# WHAT YOU HAVE TO DO:
Your output should reproduce each entry exactly, with none of its pictures.

Saved entries
________________________

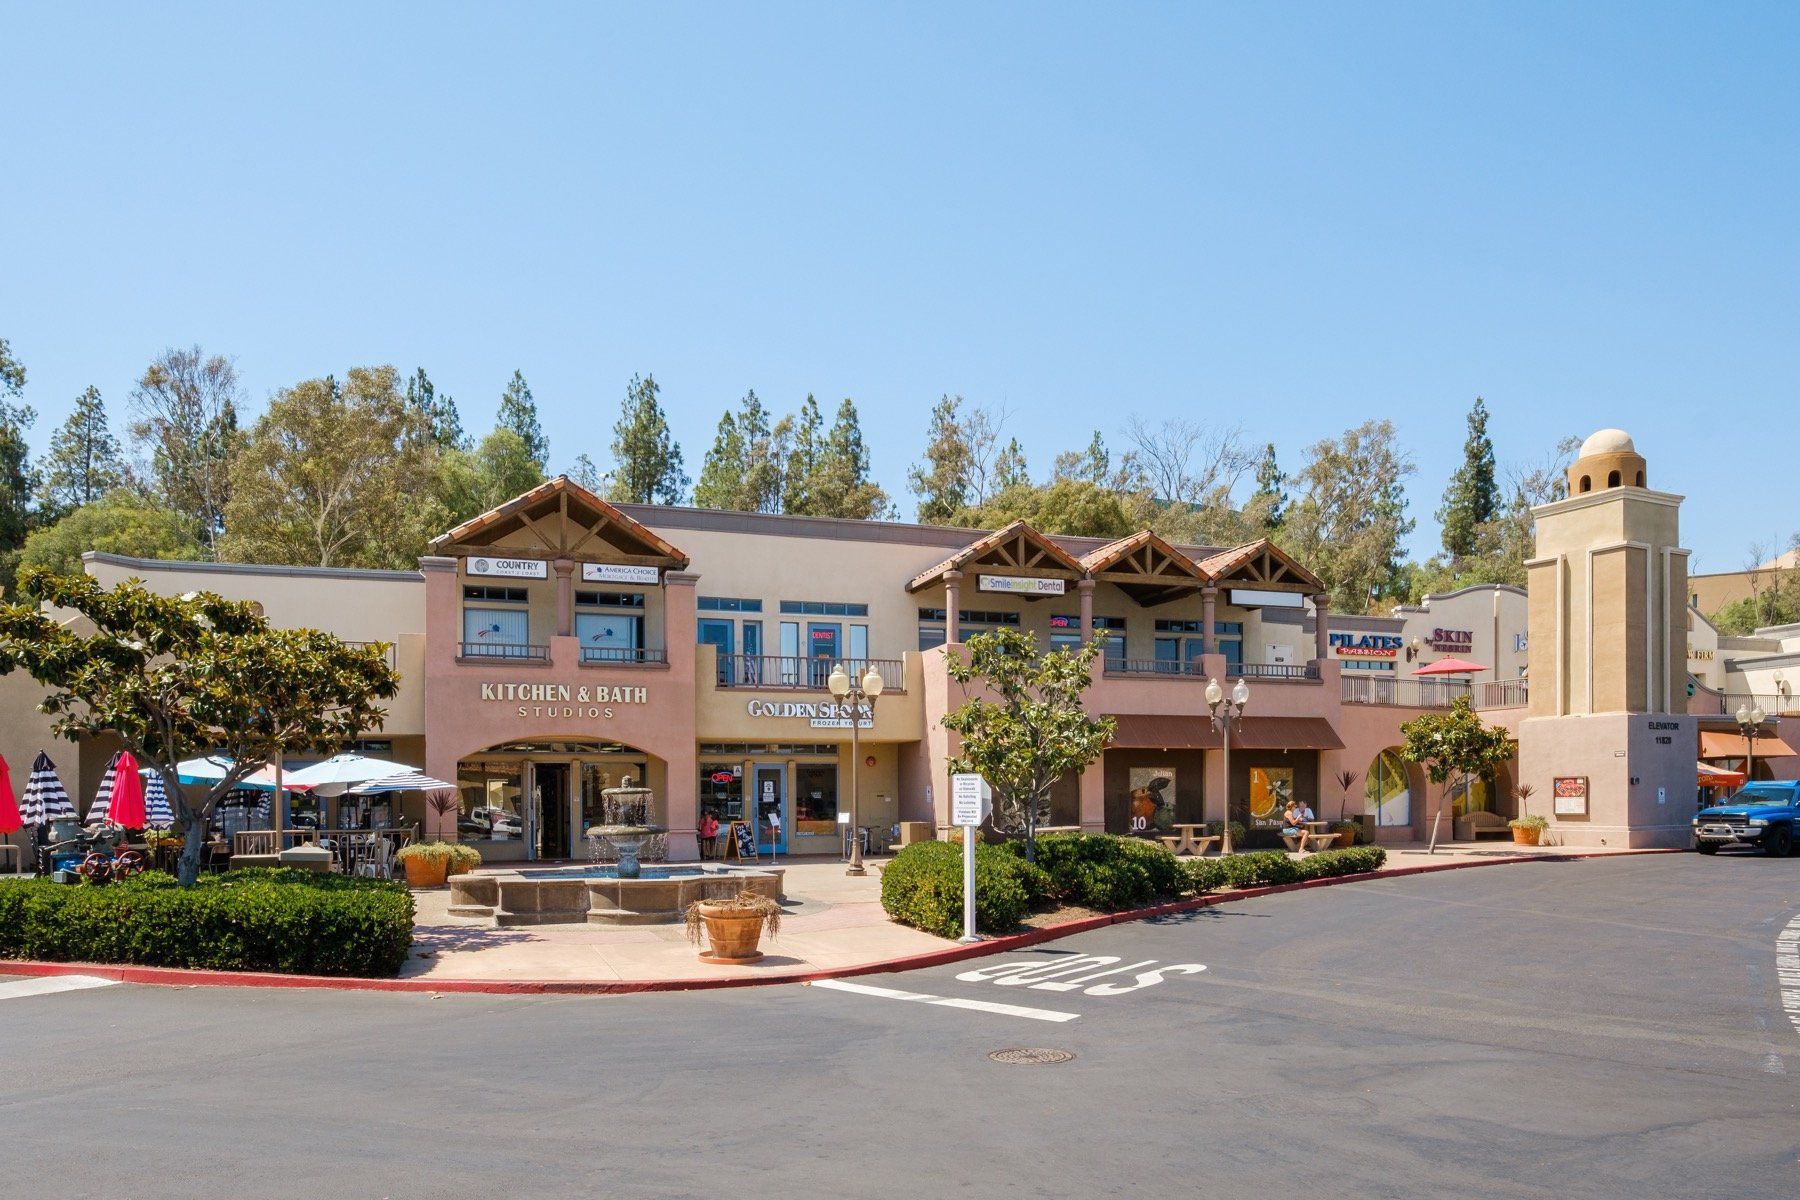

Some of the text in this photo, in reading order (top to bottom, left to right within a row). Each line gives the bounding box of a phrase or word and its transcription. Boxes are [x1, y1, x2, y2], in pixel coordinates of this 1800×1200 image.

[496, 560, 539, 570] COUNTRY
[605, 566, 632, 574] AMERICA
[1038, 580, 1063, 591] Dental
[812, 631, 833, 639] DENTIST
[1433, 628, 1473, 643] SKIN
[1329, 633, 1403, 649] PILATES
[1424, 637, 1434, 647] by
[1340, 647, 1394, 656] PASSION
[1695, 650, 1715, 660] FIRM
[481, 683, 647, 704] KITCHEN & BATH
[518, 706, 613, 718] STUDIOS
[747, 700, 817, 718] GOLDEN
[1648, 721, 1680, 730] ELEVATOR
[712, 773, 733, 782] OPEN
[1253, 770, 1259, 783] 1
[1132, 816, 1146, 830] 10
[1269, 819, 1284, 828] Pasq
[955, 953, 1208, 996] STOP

________________________

# TASK SOLUTION:
Some of the text in this photo, in reading order (top to bottom, left to right within a row). Each line gives the bounding box of a phrase or word and its transcription. Boxes are [x1, y1, x2, y2], in pixel coordinates of this 1800×1200 image.

[496, 560, 539, 570] COUNTRY
[605, 566, 632, 574] AMERICA
[1038, 580, 1063, 591] Dental
[812, 631, 833, 639] DENTIST
[1433, 628, 1473, 643] SKIN
[1329, 633, 1403, 649] PILATES
[1424, 637, 1434, 647] by
[1340, 647, 1394, 656] PASSION
[1695, 650, 1715, 660] FIRM
[481, 683, 647, 704] KITCHEN & BATH
[518, 706, 613, 718] STUDIOS
[747, 700, 817, 718] GOLDEN
[1648, 721, 1680, 730] ELEVATOR
[712, 773, 733, 782] OPEN
[1253, 770, 1259, 783] 1
[1132, 816, 1146, 830] 10
[1269, 819, 1284, 828] Pasq
[955, 953, 1208, 996] STOP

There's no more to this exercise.